Work request: Each entry is to be retyped exactly as it appears. Leave the images out.

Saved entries
========================
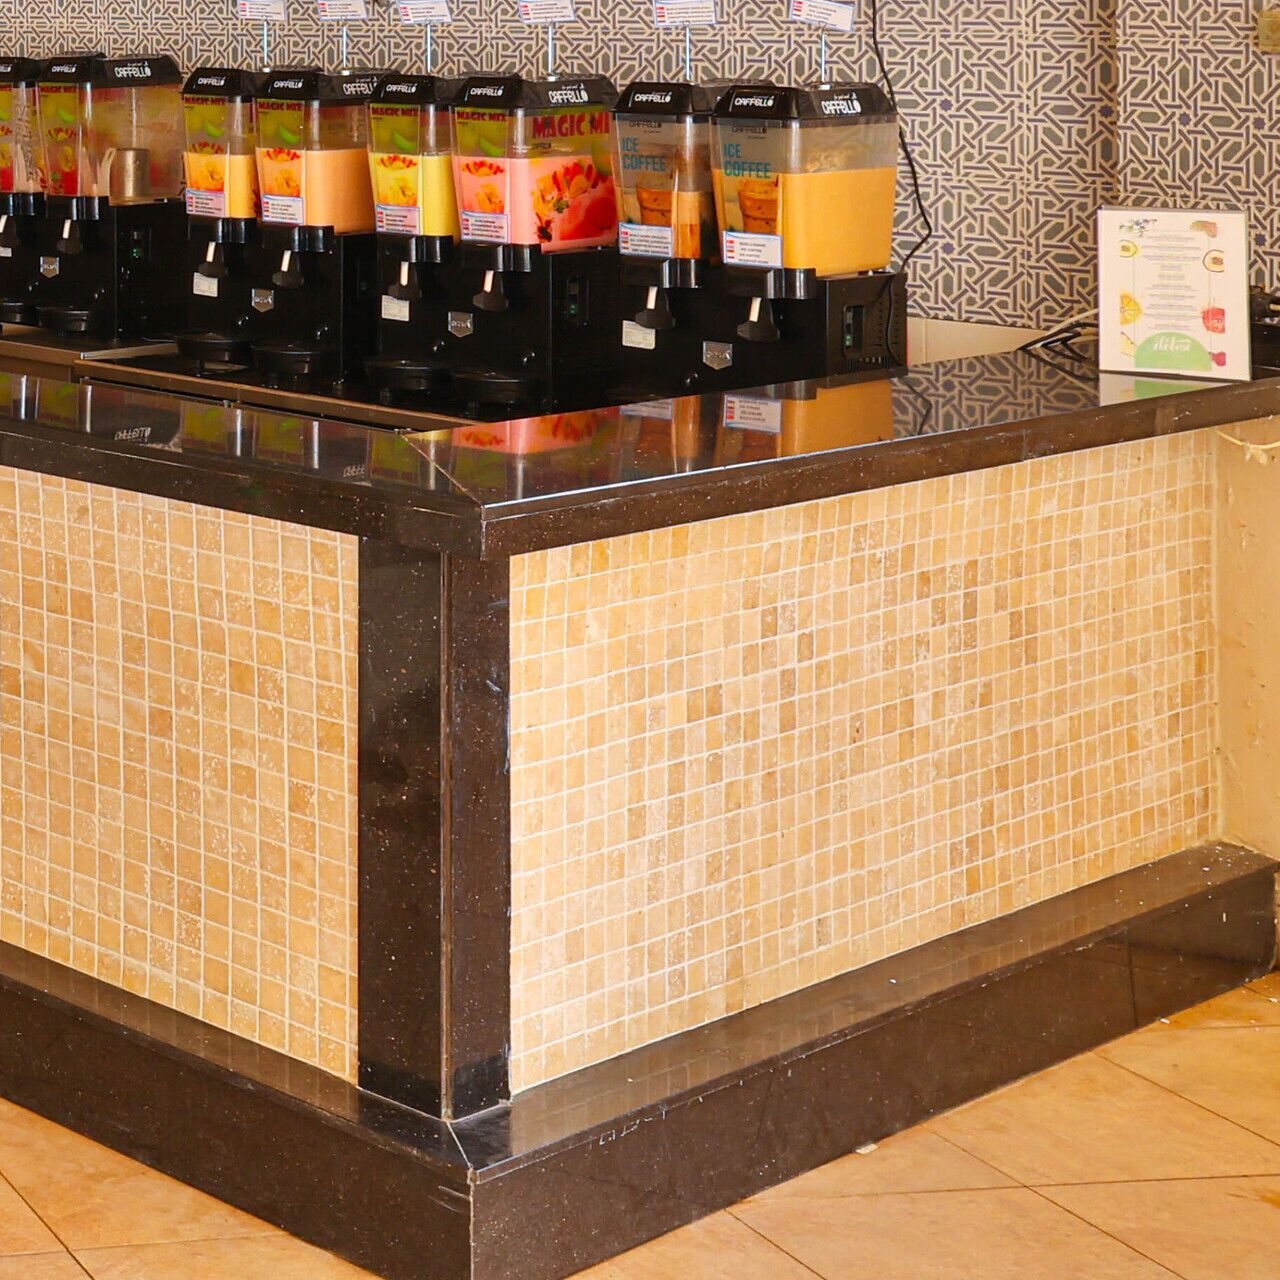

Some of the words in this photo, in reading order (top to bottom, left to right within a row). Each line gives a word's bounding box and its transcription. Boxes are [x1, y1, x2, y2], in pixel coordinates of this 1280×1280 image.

[532, 114, 586, 138] MAGIC
[622, 137, 639, 152] ICE
[724, 143, 741, 158] ICE
[622, 155, 666, 171] COFFEE
[724, 160, 771, 179] COFFEE
========================
Response to the task:
Some of the words in this photo, in reading order (top to bottom, left to right within a row). Each line gives a word's bounding box and its transcription. Boxes are [x1, y1, x2, y2], in pixel coordinates of this 1280×1280 image.

[532, 114, 586, 138] MAGIC
[622, 137, 639, 152] ICE
[724, 143, 741, 158] ICE
[622, 155, 666, 171] COFFEE
[724, 160, 771, 179] COFFEE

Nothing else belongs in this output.